Beyond that, we're mostly hackers. Why would we outsource what we do best?

------
secorp
We've had success outsourcing some of our non-core activities in our shop (4
p2p hackers working on distributed storage). For example, we've outsourced our
website implementation and our Facebook app. Though any one of us could do
them, it was much more efficient to draw up a set of screenshots and
functional goals along with our API and then get back to working on our core
project.

One key success factor is to find a high quality group to work with. We used
recommendations, but I've also seen a few 2-person shops use oDesk find people
for prototypes of applications they didn't have time/interest to build.
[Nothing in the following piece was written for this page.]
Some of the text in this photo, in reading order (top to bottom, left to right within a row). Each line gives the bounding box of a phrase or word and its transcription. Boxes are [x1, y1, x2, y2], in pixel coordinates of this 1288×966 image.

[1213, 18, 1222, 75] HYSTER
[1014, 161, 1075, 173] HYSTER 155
The
prices are extremely competitive, and often you can hire 3 people and use the
best result.

------
xirium
You've got to add value when outsourcing and the project has to be of a
particular scale.

A friend recently outsourced development which could be concisely specified.
From the UK, he got a student in the US to develop security software for 600
pounds. He installed it on two servers which cost 1000 pounds each. He sold
the system to an existing client for 8000 pounds. The student required
supervision but it allowed my friend to do on-site consulting while the
outsourced software was being developed. The difference in timezone wasn't an
issue. Indeed, if you're already working full time then outsourcing to a
different timezone can be very beneficial.
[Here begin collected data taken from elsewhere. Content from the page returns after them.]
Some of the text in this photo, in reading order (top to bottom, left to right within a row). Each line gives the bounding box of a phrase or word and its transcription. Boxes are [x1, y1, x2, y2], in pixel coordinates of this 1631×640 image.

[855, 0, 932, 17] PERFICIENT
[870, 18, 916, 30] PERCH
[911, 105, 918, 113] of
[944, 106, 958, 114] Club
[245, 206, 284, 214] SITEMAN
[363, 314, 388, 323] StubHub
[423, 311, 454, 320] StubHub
However, there isn't much opportunity for a start-up to outsource development.
Cost isn't a issue. You should be working in a small field, within your
competence. There's also transaction cost which places a minimum size on the
project to be outsourced. For a start-up, most projects will be too small to
outsource.

If you're thinking of outsourcing a project, think whether you should do it at
all.

------
white
Let me clear my point. Speaking about outsourcing, I was talking about
offshore development, outside US.

Well, still, a lot of startups are always looking for someone, either
programmer, or designer, or database developer, etc. There are also a lot of
single founders. To start a startup one man is not enough. Even if you are a
hacker, it's always nice to have one more hacker.
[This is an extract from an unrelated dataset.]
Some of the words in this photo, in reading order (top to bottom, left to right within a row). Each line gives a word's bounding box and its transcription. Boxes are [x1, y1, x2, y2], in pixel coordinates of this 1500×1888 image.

Here is my point: a lot of startups are looking for someone to join them for a
tiny salary plus huge chunk of equity. So why wouldn't they consider
outsources, using the same amount of money, they may not give any equity at
all or just a small piece of it.

kingnothing: you sound to me like you think that outsourcers require more
money, than local people. Did I get you wrong?

mercurio: I'm not talking about corporate level outsourcing, B2B. I'm talking
about using power of freelancers. They still stay below the US market rates.

------
mercurio
I don't think too many startups outsource. Certainly not the type that YC
funds, and certainly not development which is where you would hope to gain an
edge.

The issue with outsourcing development is that to judge the quality of the
outsourced job and whether it satisfies your requirements, you have to be
competent enough to build it yourself. But if you could build it yourself,
then you wouldn't be outsourcing.

So if you can, build it yourself, and if not, then hire somebody who has the
skills that you lack. You really only should be outsourcing urgent one-off
things and highly specialized non-core areas like PR and legal.

------
thomasswift
I outsourced my email server to google apps.